Indeed I cannot. I was having a spirited and engaging conversation with my friend Jim, an astronomy expert, math nerd, and avowed agnostic. We were discussing religion and quantum physics. I believe that spirituality and science dovetail beautifully. Jim’s stance holds that religions arose from a need to understand the human experience and that modern science has eclipsed that need.

“God is a social construct,” he argued. “Religion is just a bunch of stories people told across cultures to make sense of their world. But they are just that. Made-up stories. Science is fact”.

I take his point. Science will always inspire and amaze me. I love that we are constantly expanding our understanding of the cosmos. But I have also found the stories of the world religions to be guideposts in my life. You don’t have to accept them literally to find the lesson within.

But there are still so many unanswered questions. Since the dawn of consciousness, humans believed that there must be some cosmic building block that made up everything. The Greeks called this unknowable mass atomos, or undividable.
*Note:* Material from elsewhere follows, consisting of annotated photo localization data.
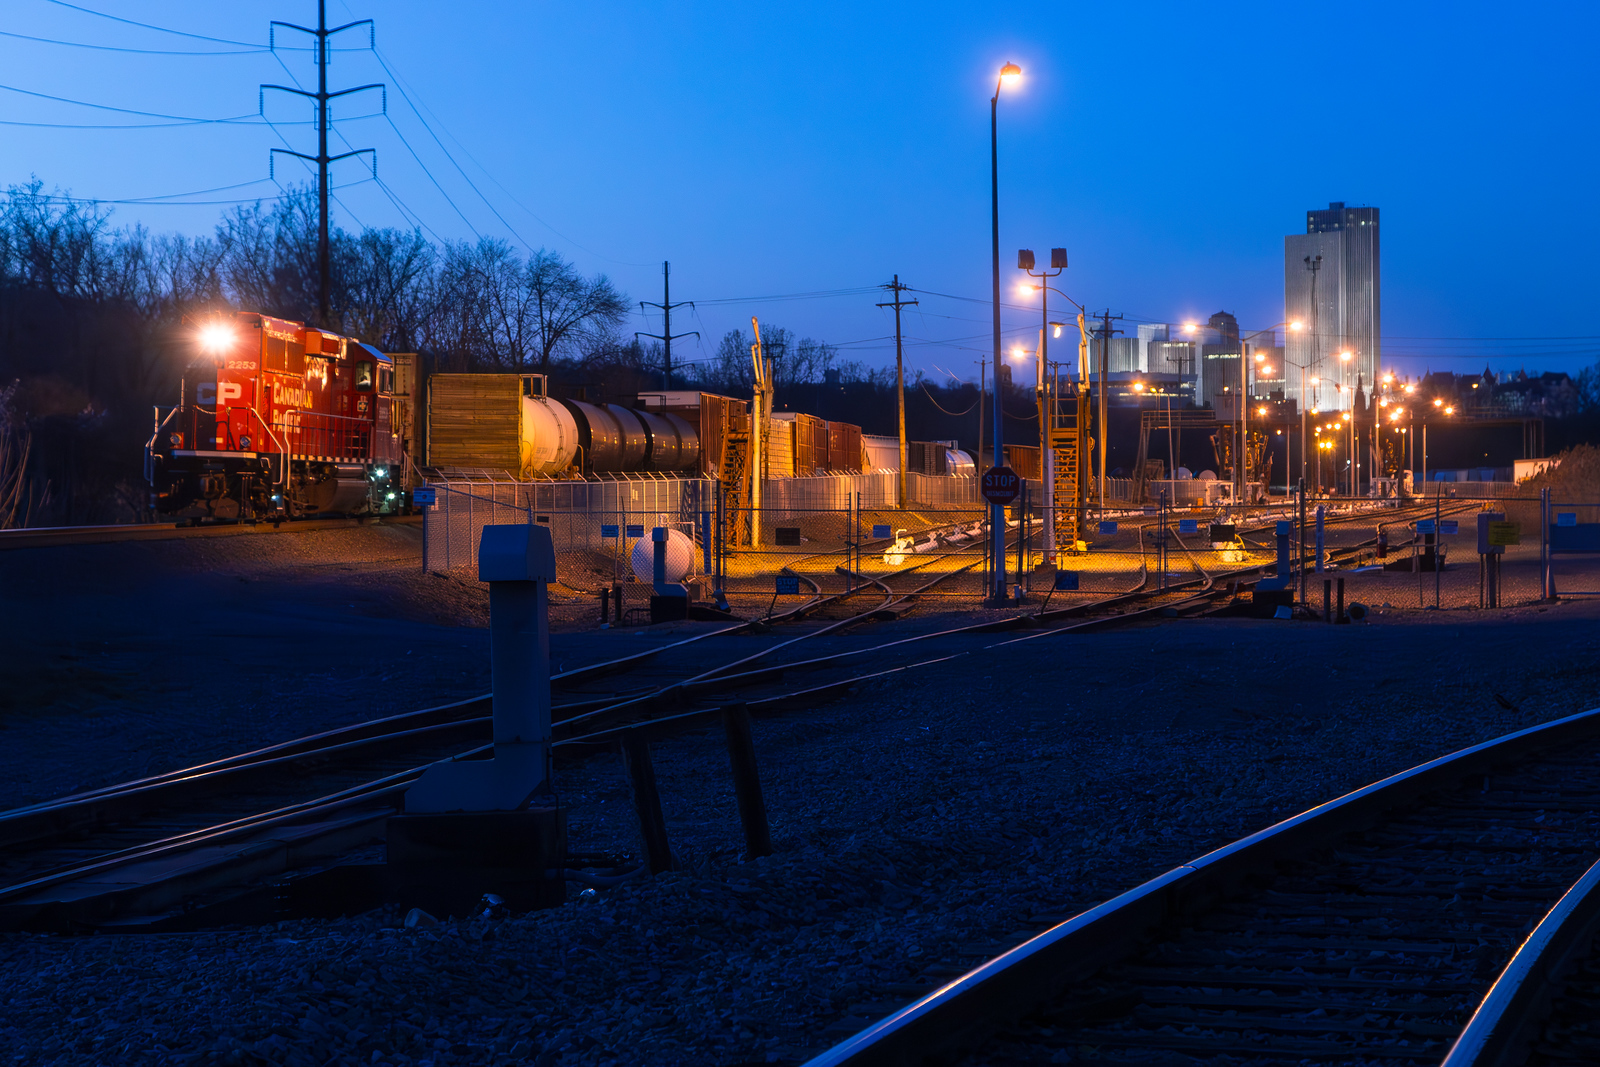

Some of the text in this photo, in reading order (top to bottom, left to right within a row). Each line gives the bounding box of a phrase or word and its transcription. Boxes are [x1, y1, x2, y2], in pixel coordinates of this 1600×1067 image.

[228, 361, 256, 370] 2253
[197, 382, 242, 405] CP
[985, 474, 1016, 487] STOP
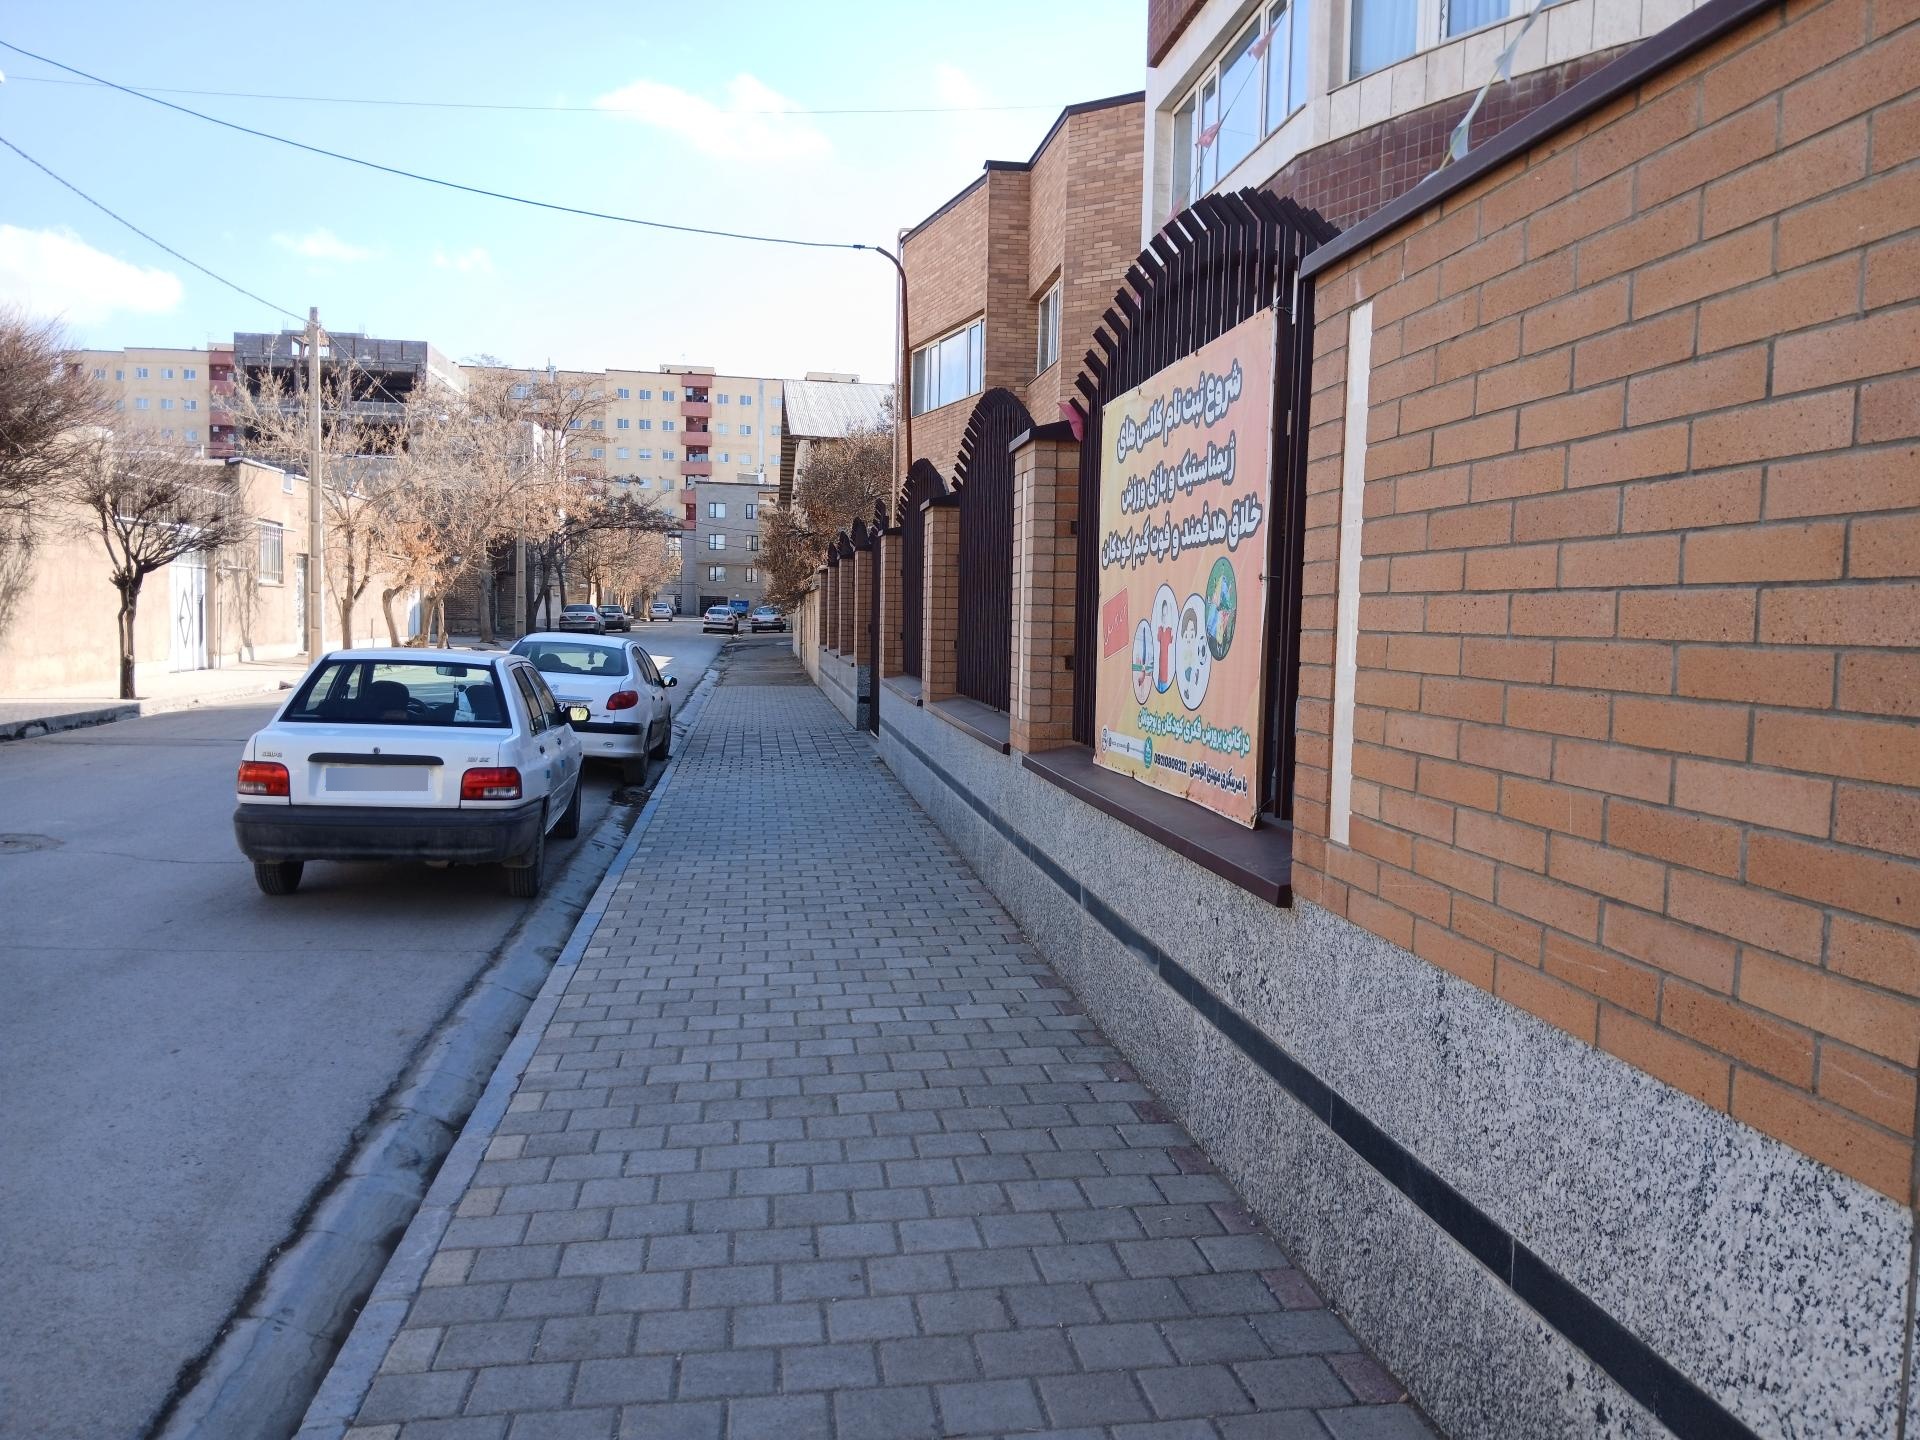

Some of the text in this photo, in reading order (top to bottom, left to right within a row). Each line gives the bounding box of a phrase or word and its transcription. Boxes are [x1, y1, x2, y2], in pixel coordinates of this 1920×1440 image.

[1182, 370, 1206, 429] ثبت
[1204, 358, 1242, 428] شروع
[1163, 387, 1182, 447] نام
[1121, 429, 1236, 515] ژیمناستیک و بازی ورزش
[1101, 491, 1263, 570] خلاق هدفمند و فوت گیم کودکان
[1161, 712, 1184, 740] کودکان
[1183, 714, 1202, 743] فکری
[1202, 722, 1223, 753] پرورش
[1222, 726, 1242, 754] کانون
[1240, 732, 1250, 758] در
[1242, 775, 1248, 797] با
From this, we get the word atom, which is a small thing. An atom is to a peach pit as a peach pit is to our entire planet. But then we realized that an atom is made up of smaller parts called protons, neutrons and electrons. Then science dove even smaller, exploring the subatomic world, where we discovered really tiny particles like bosons and hadrons and neutrinos and quarks.
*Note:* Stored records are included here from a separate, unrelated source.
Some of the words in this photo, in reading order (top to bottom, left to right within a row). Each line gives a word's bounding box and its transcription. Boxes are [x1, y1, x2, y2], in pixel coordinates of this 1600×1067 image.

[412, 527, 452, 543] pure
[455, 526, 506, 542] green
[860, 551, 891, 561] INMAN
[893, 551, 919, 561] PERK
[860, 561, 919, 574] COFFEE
And this is where it gets really interesting, because none of these particles acts in a consistent or predictable manner. They are constantly in motion, appearing in one place and then disappearing to materialize in another place without traveling the distance between those two points. It’s as if you went to sleep in your bed and woke up sitting atop the Eiffel Tower. How do they get from one place to another?

We don’t have the first clue. What we do know is that reality is pretty complicated.
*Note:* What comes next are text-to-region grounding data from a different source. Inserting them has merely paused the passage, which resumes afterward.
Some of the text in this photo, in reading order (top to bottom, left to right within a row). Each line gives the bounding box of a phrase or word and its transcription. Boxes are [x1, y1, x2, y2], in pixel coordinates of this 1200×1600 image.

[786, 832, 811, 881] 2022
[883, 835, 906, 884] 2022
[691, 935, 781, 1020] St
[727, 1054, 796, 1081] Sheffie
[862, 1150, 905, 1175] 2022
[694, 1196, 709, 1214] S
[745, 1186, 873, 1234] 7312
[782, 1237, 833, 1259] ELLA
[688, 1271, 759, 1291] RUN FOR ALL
Scientists estimate that most stars contain 1057 atoms. And there are approximately 1,000,000,000,000,000,000,000,000 stars in the universe. So that is a hell of a lot of particles doing things that we cannot predict, understand, or prove.

Which brings me back to God. If there are that many things in the universe that we cannot yet comprehend, wouldn’t it be hubris to automatically assume there aren’t also miracles occurring around us every day? Not understanding something doesn’t negate its energetic pull in our lives.

According to recent surveys, fewer Americans are attending church services. But the same survey found that 49% of the people polled have had a “moment of sudden religious insight or awakening.”

Take a beat and let that sink in. Though fewer of us are overtly calling ourselves religious, half of us have had a mystical experience, a moment of divine connection that defies explanation. Most of us have had an experience that allowed us momentarily to know the unknowable.

What I’m saying is that scientific inquiry is not essentially incompatible with spiritual belief. We needn’t disregard one to believe in the other. It’s a fluid dichotomy, allowing us to find hope and awe in both at once. I, for one, am happy to stand in that intersection of science and spirit.